Input for this task:
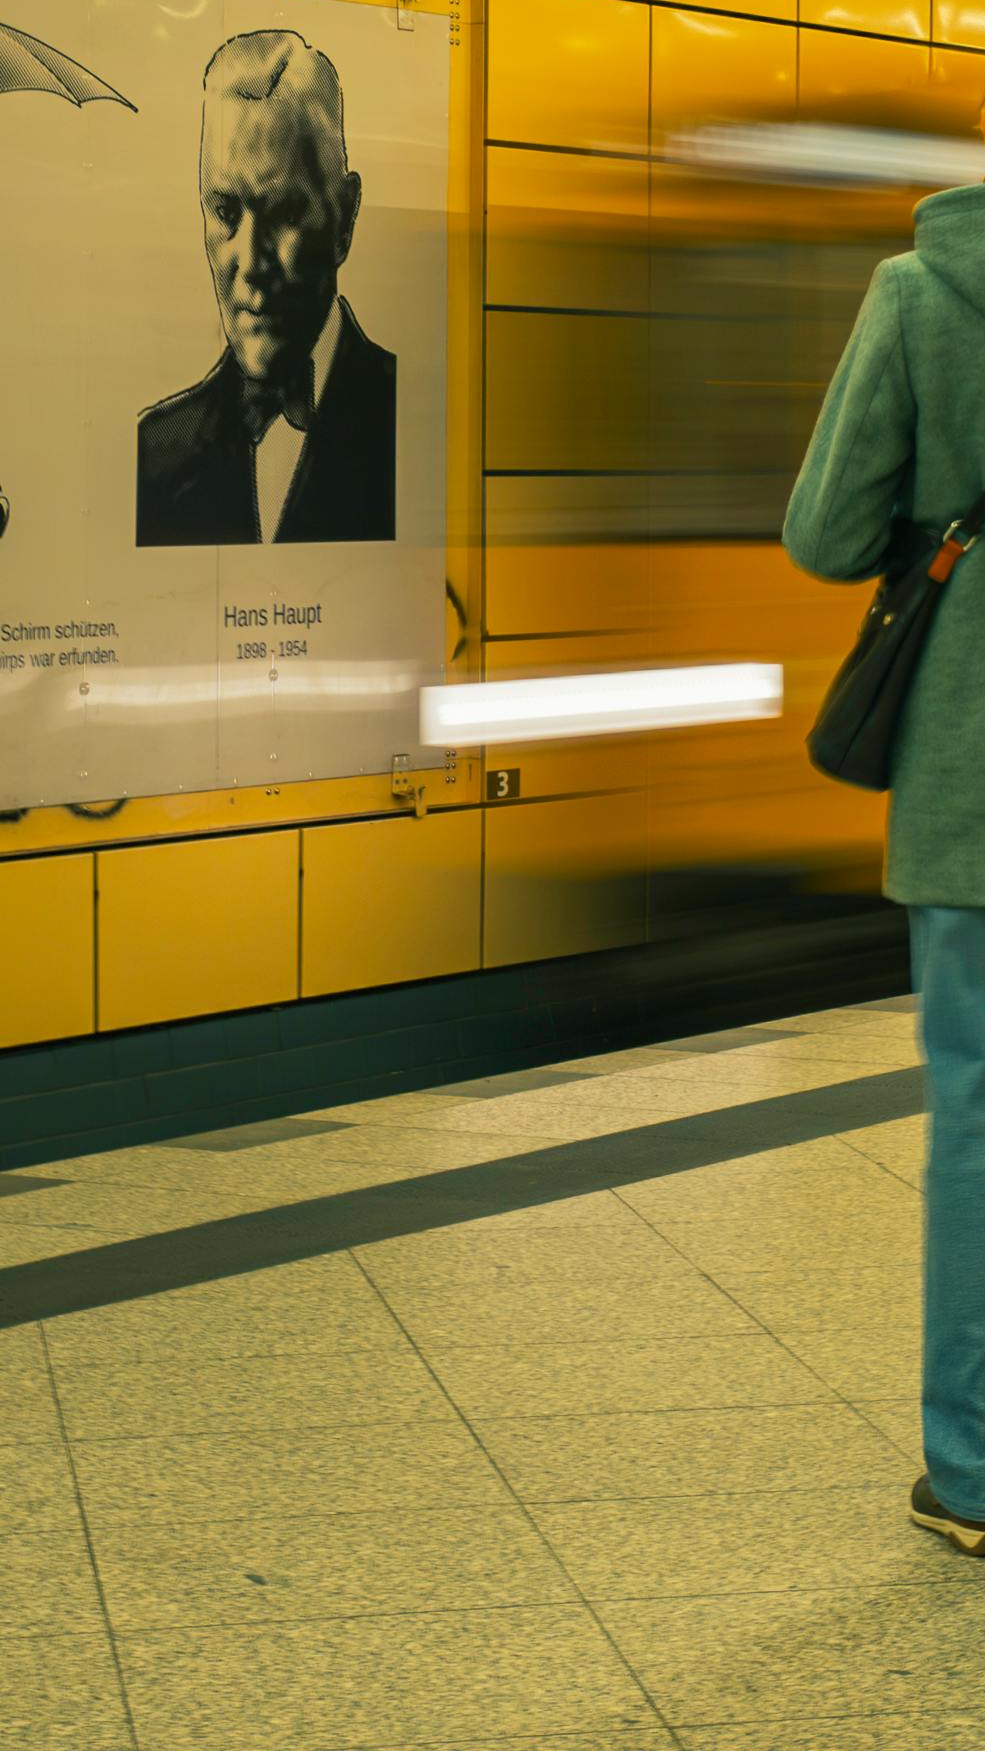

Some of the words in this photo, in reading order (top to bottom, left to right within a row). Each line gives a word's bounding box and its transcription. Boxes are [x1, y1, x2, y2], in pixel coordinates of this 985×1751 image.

[224, 606, 268, 627] Hans
[273, 603, 322, 629] Haupt
[0, 622, 51, 642] Schirm
[55, 620, 119, 639] schützen,
[30, 652, 55, 667] war
[60, 647, 119, 666] erfunden.
[237, 642, 267, 660] 1898
[279, 640, 307, 657] 1954
[497, 771, 508, 797] 3
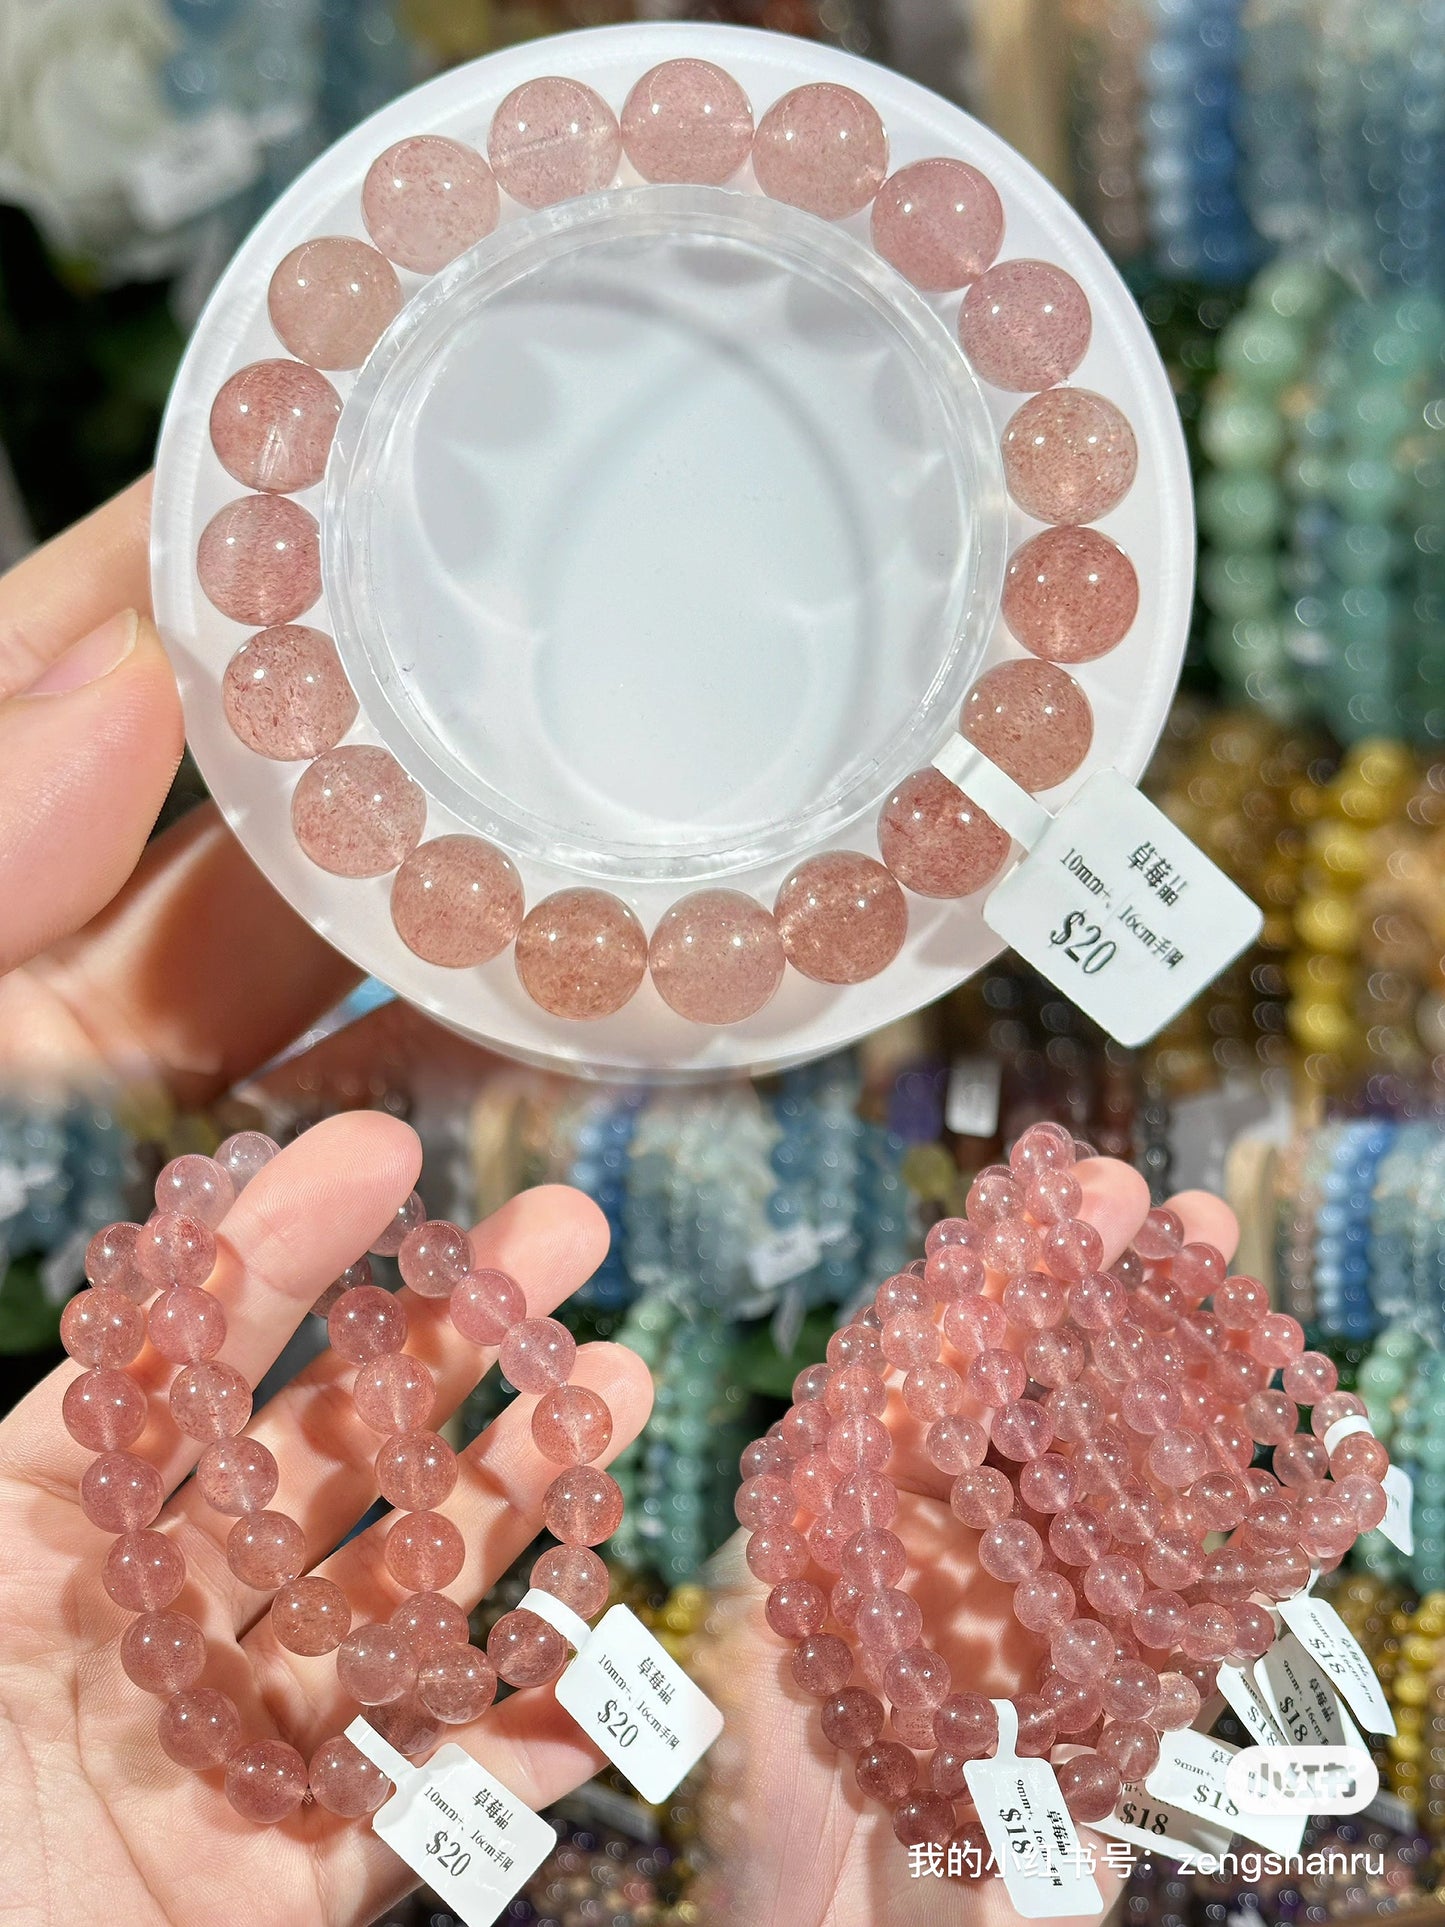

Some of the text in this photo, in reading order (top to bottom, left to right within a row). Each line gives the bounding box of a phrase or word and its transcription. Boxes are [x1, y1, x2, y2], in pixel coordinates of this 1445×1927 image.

Assignment: Set down every entry above exactly as written. Leave out all pictures.

Written answer:
Some of the words in this photo, in reading order (top to bottom, left to right within a row). Each line gives a word's bounding box and its transcription. Boxes are [x1, y1, x2, y2], in pixel coordinates of this 985×1751 image.

[224, 606, 268, 627] Hans
[273, 603, 322, 629] Haupt
[0, 622, 51, 642] Schirm
[55, 620, 119, 639] schützen,
[30, 652, 55, 667] war
[60, 647, 119, 666] erfunden.
[237, 642, 267, 660] 1898
[279, 640, 307, 657] 1954
[497, 771, 508, 797] 3

Some of the text in this photo, in reading order (top to bottom, left to right within a row). Each line gives the bounding box of a phrase or word and its transcription. Boxes are [x1, y1, x2, y2], in pixel coordinates of this 1445×1927 image.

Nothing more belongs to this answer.